Does your long-term target $500 million adjusted EBITDA suggest positive Free Cash Flow as well? Your historical Adjusted EBITDA has not corresponded with positive Free Cash Flow. In fact, you’ve generated negative Free Cash Flow each quarter you “beat” Adjusted EBITDA estimates.

Endurance International Group: A Web of Deceit


  • EIGI shares will go to $0.00 per share, as the company will struggle to service its debt. Normalized EBITDA margins do not cover interest expense.
  • Recent years’ reported EBITDA benefited from attracting Blinkx-like revenue (spam/malware, terrorism, etc.).

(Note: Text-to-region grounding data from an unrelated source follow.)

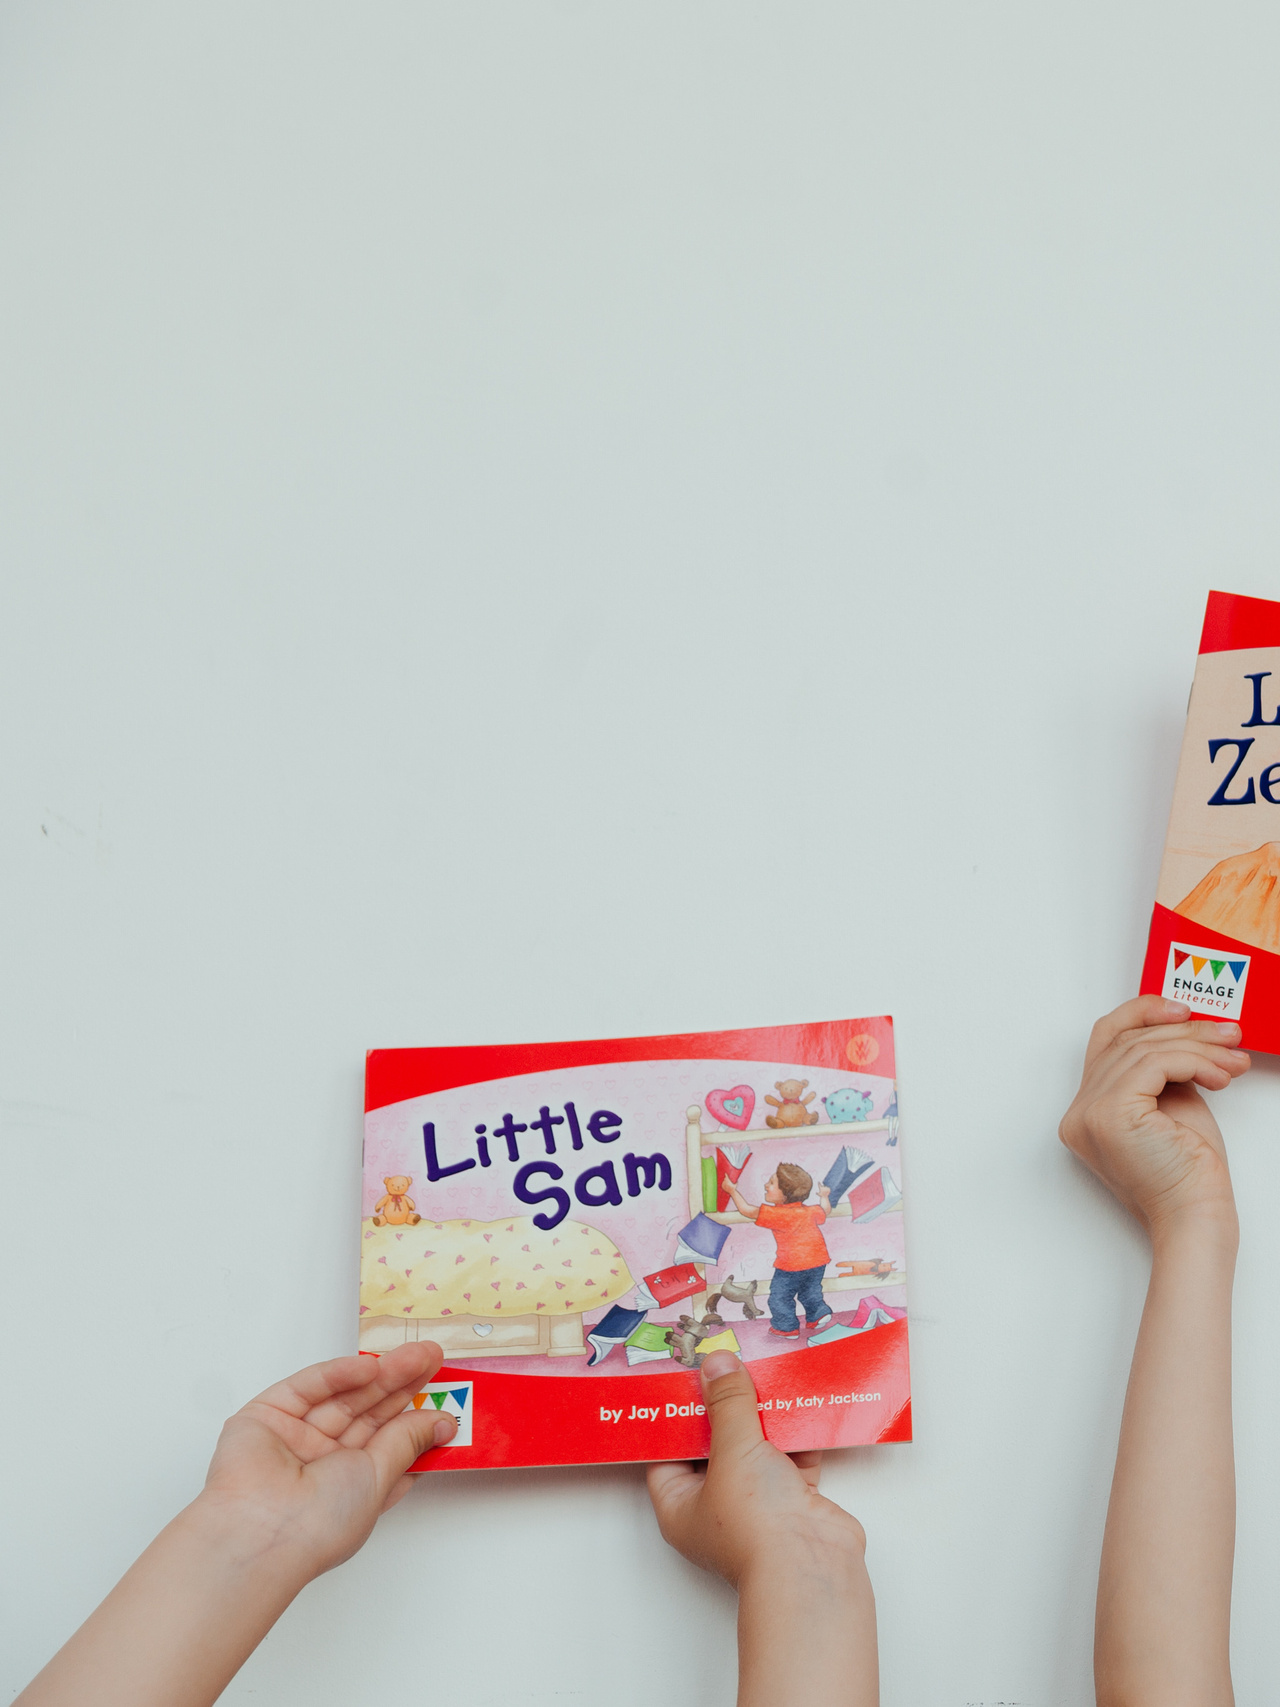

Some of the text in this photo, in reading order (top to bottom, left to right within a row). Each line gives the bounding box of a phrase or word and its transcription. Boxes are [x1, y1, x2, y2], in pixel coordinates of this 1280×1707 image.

[1173, 977, 1235, 999] ENGAGE
[1173, 990, 1230, 1010] Literacy
[422, 1101, 623, 1182] Little
[513, 1152, 672, 1231] Sam
[776, 1398, 793, 1412] by
[796, 1395, 825, 1410] Katy
[828, 1391, 882, 1406] Jackson
[600, 1402, 706, 1423] by Jay Dale

  • EIG profits at the expense of its customers (service outages, poor customer service, etc.).


  • 40%-100%+ of EIGI’s reported profits are suspect.

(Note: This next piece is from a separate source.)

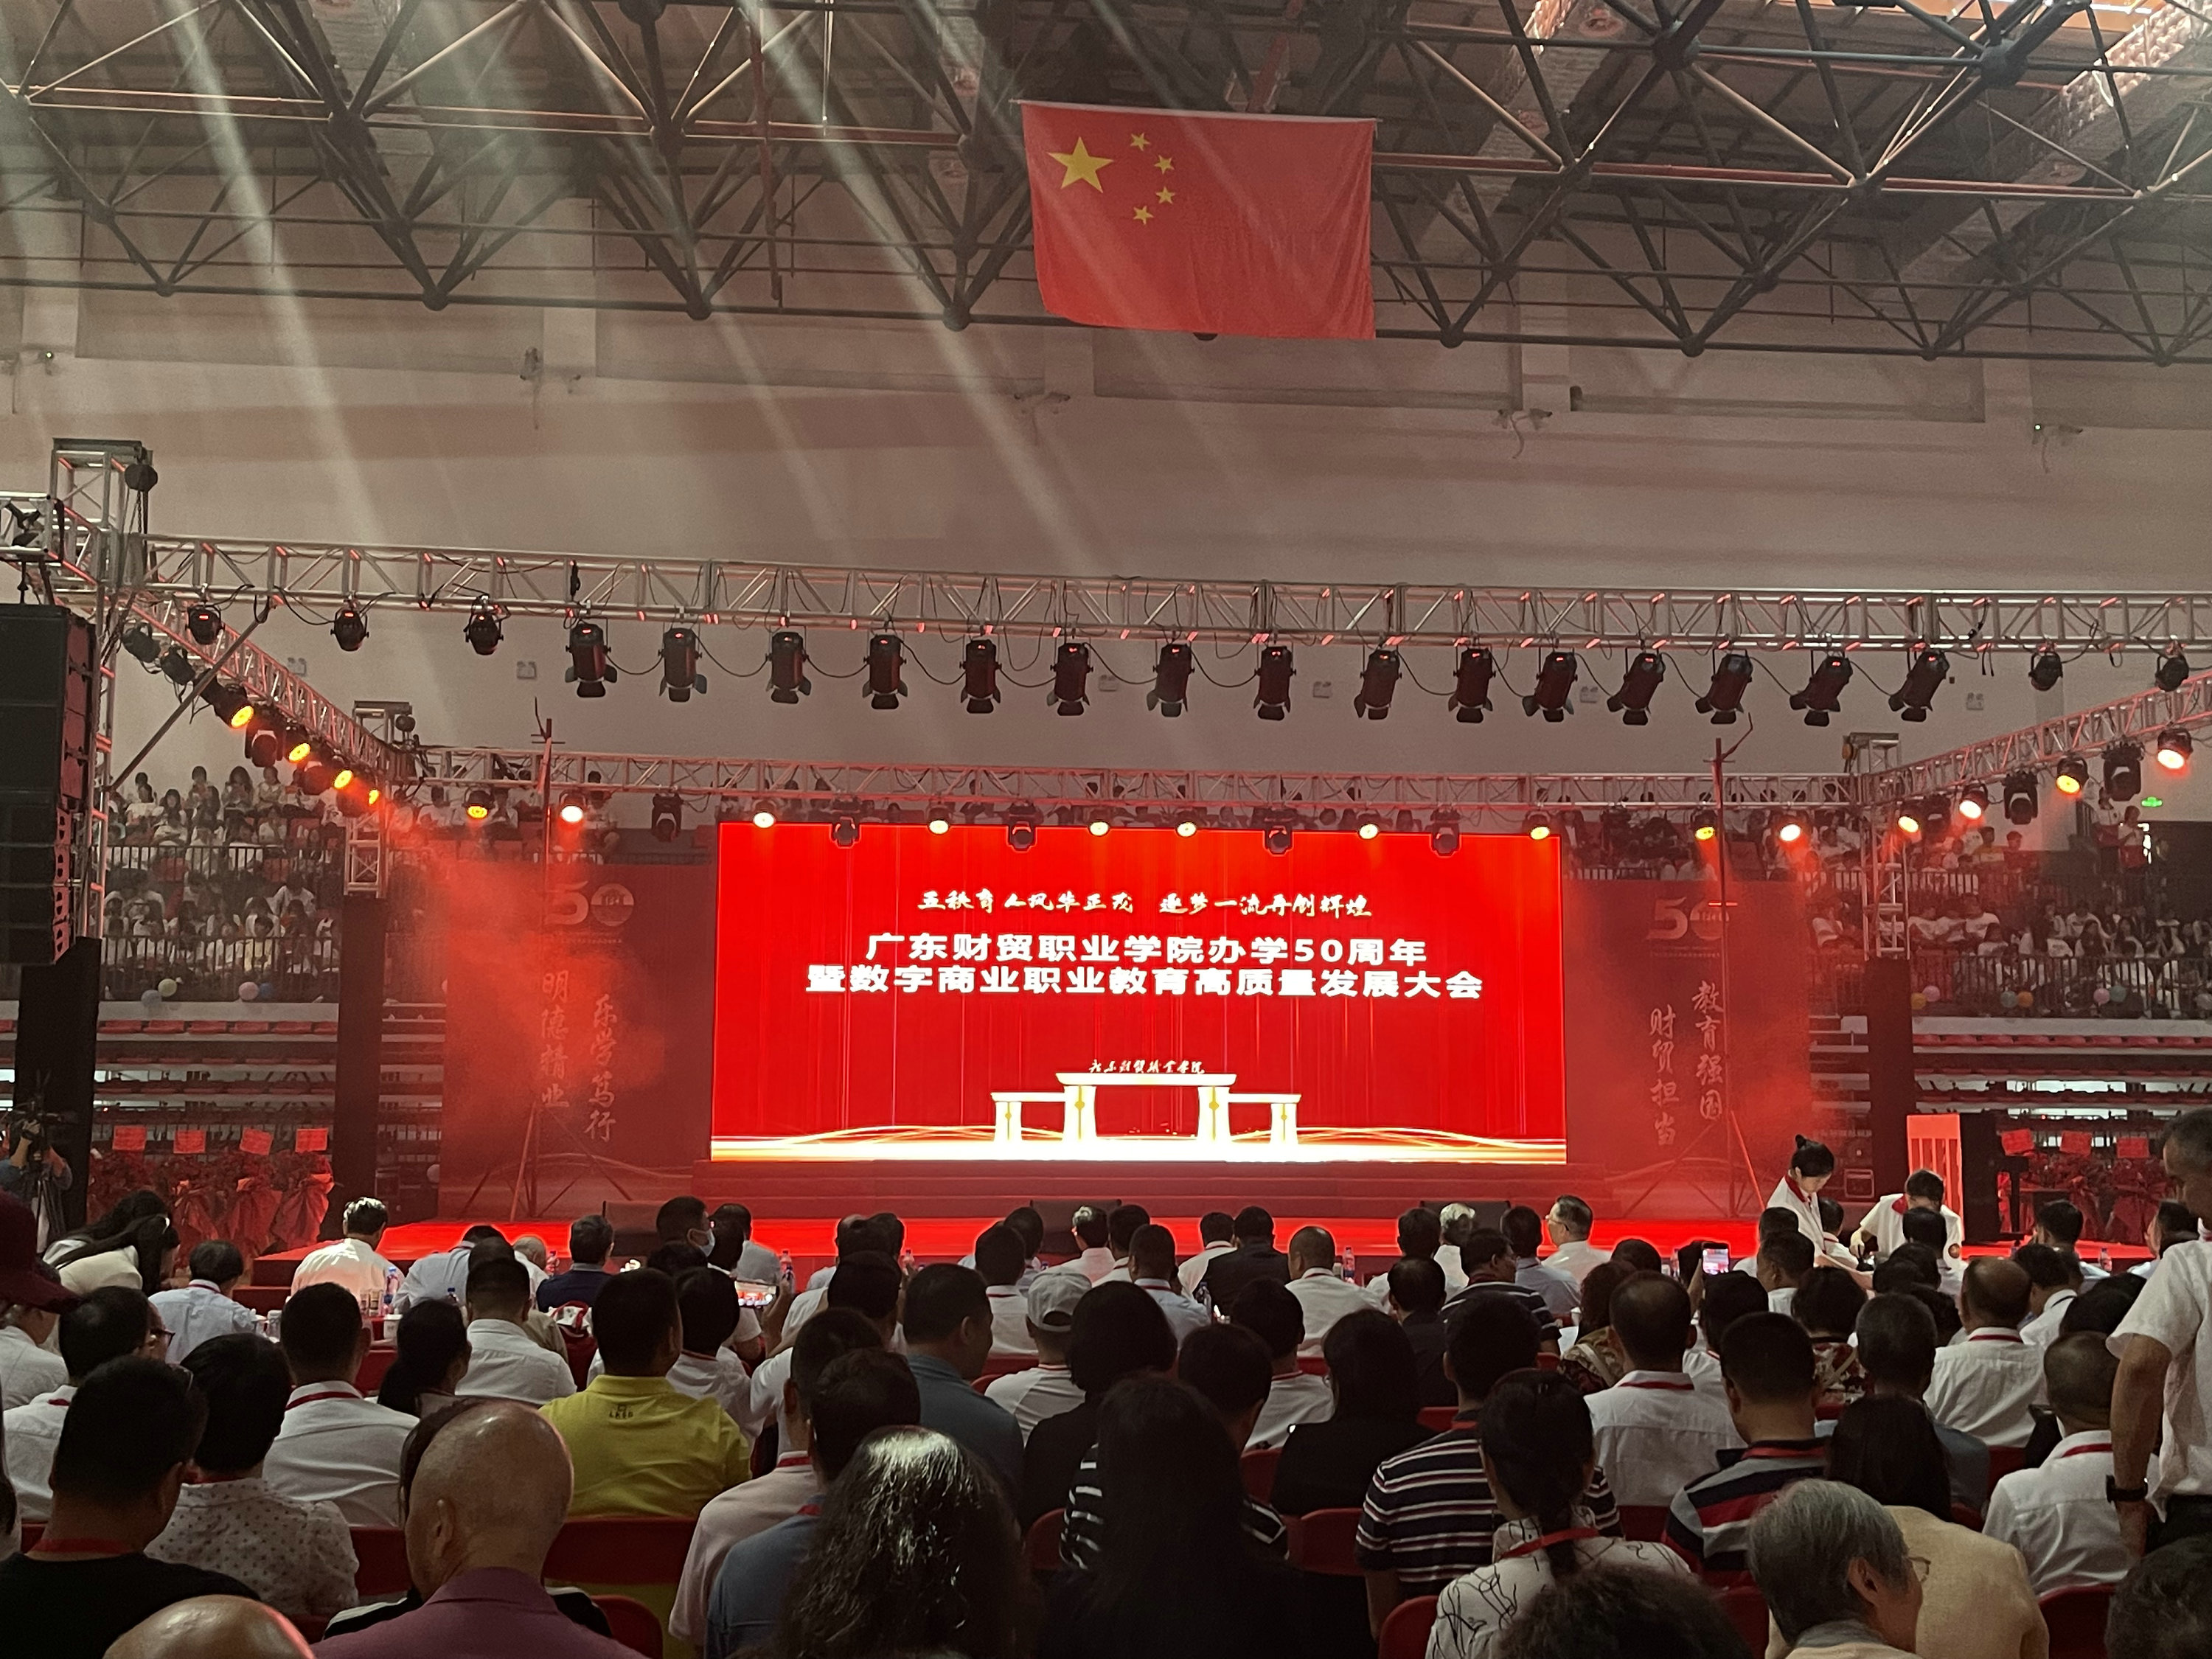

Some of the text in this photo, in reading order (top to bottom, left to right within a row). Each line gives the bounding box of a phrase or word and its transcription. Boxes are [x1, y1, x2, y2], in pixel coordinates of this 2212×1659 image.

[917, 888, 1372, 919] 五秩育人风华正茂 逐梦一流再创辉煌
[866, 932, 1427, 967] 广东财贸职业学院办学50周年
[805, 964, 1483, 998] 暨数字商业职业教育高质量发展大会
[1691, 980, 1724, 1120] 教育强国

  • 2014 Average Revenue per Subscriber (ARPS) actually declined -13%. EIGI’s 10K claims ARPS grew +11%.
  • Organic growth overstated ~3x. We calculate organic growth to be ~5.6%, not 13.0%-15.0% as EIG claims.
  • Directi’s revenues per the Indian filings are 30%-67% lower than reported in EIGI’s 10K.
  • Directi revenue figures within the EIGI 10K do not add up.
  • EIGI paid 17% of its ’12-’14 EBITDA to a related party tied to the CEO. The related party seems to be Endurance.
  • No international revenue disclosures, despite promoting itself as an ‘international growth’ concern.
  • An undisclosed subsidiary falsely claimed to the US Government that the FBI “recommended” them.
  • EIGI’s BlueHost, JustHost, HostGator and HostMonster hosted terrorist websites as recently as few weeks ago.
  • EIGI domains hosted 1,000s of spam/malware-related sites per spam/malware watchdogs (the hosting world’s Blinkx).
  • EIGI spends ~1/6th on core infrastructure vs Godaddy.
  • Customer reviews are consistently poor.
  • A 15+ year industry executive states EIGI uses a churn model/definition that is “not industry common practice, while using industry terminology.”
  • EIGI is free cash flow negative. Godaddy is FCF positive.
  • The management team (including the CEO) recently sold ~30% of their stake in EIGI.